Zakzaky had been in custody in Nigeria along with his wife since December 2015 after violence in which the army killed some 350 of his followers, who were then buried in mass graves (Photo: KOLA SULAIMON/AFP/Getty Images).

A NIGERIAN Shiite leader granted permission to travel to India for medical care after years in detention was flying back to Nigeria Friday (16) following a row over his treatment, supporters and family said.

Ibrahim Zakzaky, founder of the pro-Iranian Islamic Movement in Nigeria (IMN), and his wife Zeenah Ibrahim jetted out of New Delhi on Ethiopian Airlines, supporters said.

“They did fly with Ethiopian Airlines,” daughter Suhailah Zakzaky said.

Zakzaky had been in custody in Nigeria along with his wife since December 2015 after violence in which the army killed some 350 of his followers, who were then buried in mass graves.

The couple flew to India on Monday (12) after a court gave them permission to travel abroad for medical treatment under Nigerian government supervision following a spate of bloody protests by IMN supporters.

But the care was held up by a row over the conditions for the treatment.

The IMN complained that Zakzaky had been denied access to his preferred doctors and was kept under close guard.

On Thursday (15) Zakzaky said they were told to leave India.

Fears about the health of the cleric, in his mid-sixties, had fuelled near daily protests by his followers in Nigeria’s capital Abuja that descended into bloodshed after a crackdown by security forces.

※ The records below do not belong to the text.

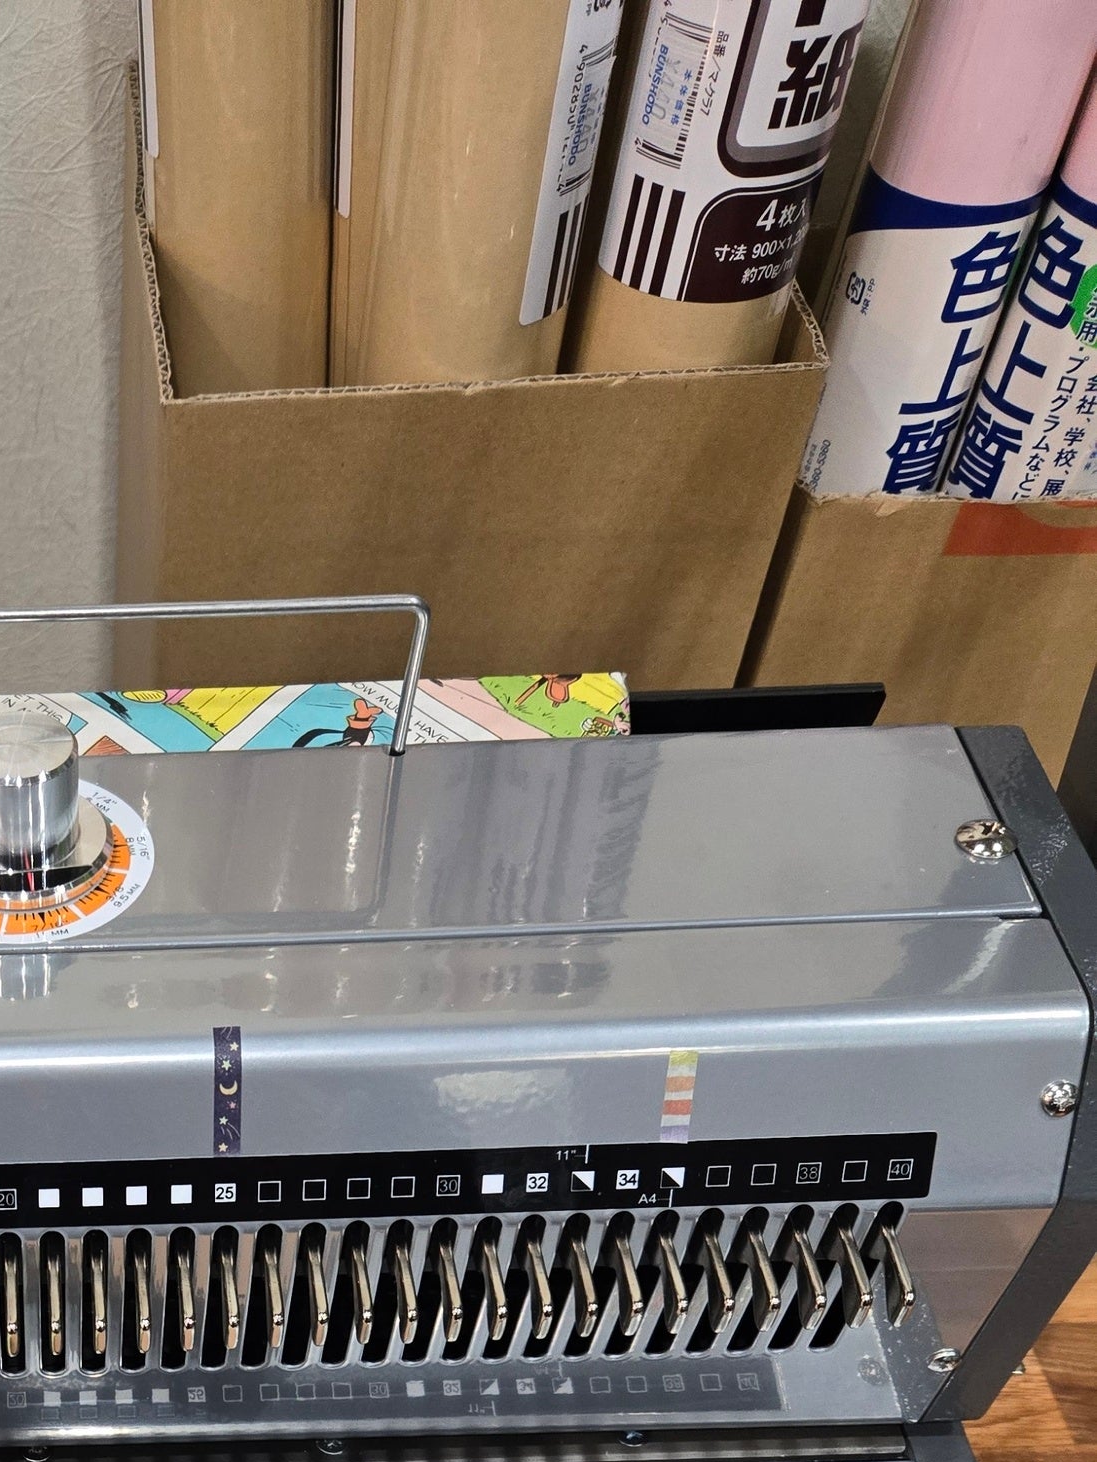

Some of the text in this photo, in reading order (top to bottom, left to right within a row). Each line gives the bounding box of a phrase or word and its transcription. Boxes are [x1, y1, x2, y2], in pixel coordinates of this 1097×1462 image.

[768, 0, 864, 130] 紙
[641, 44, 669, 126] BUNSHODO
[568, 83, 593, 167] BUNSHODO
[881, 230, 1023, 494] 色上質
[946, 213, 1085, 499] 色上質
[799, 1166, 819, 1181] 38
[890, 1162, 911, 1177] 40
[439, 1179, 459, 1194] 30
[527, 1176, 548, 1190] 32
[618, 1172, 638, 1187] 34
[215, 1186, 235, 1200] 25
[637, 1193, 657, 1205] A4

His lawyers say he has lost his sight in one eye, is on the verge of going blind in the other and still has bullet fragments lodged in his body from the clashes in 2015.

The cleric and his group, which emerged from a student movement in the 1970s, have been at loggerheads with the authorities for years because of calls for an Iranian-style Islamic revolution in Nigeria.

Shiites make up a small minority in predominantly Sunni Muslim northern Nigeria.

Estimates put their numbers at around four million in a national population of about 190 million.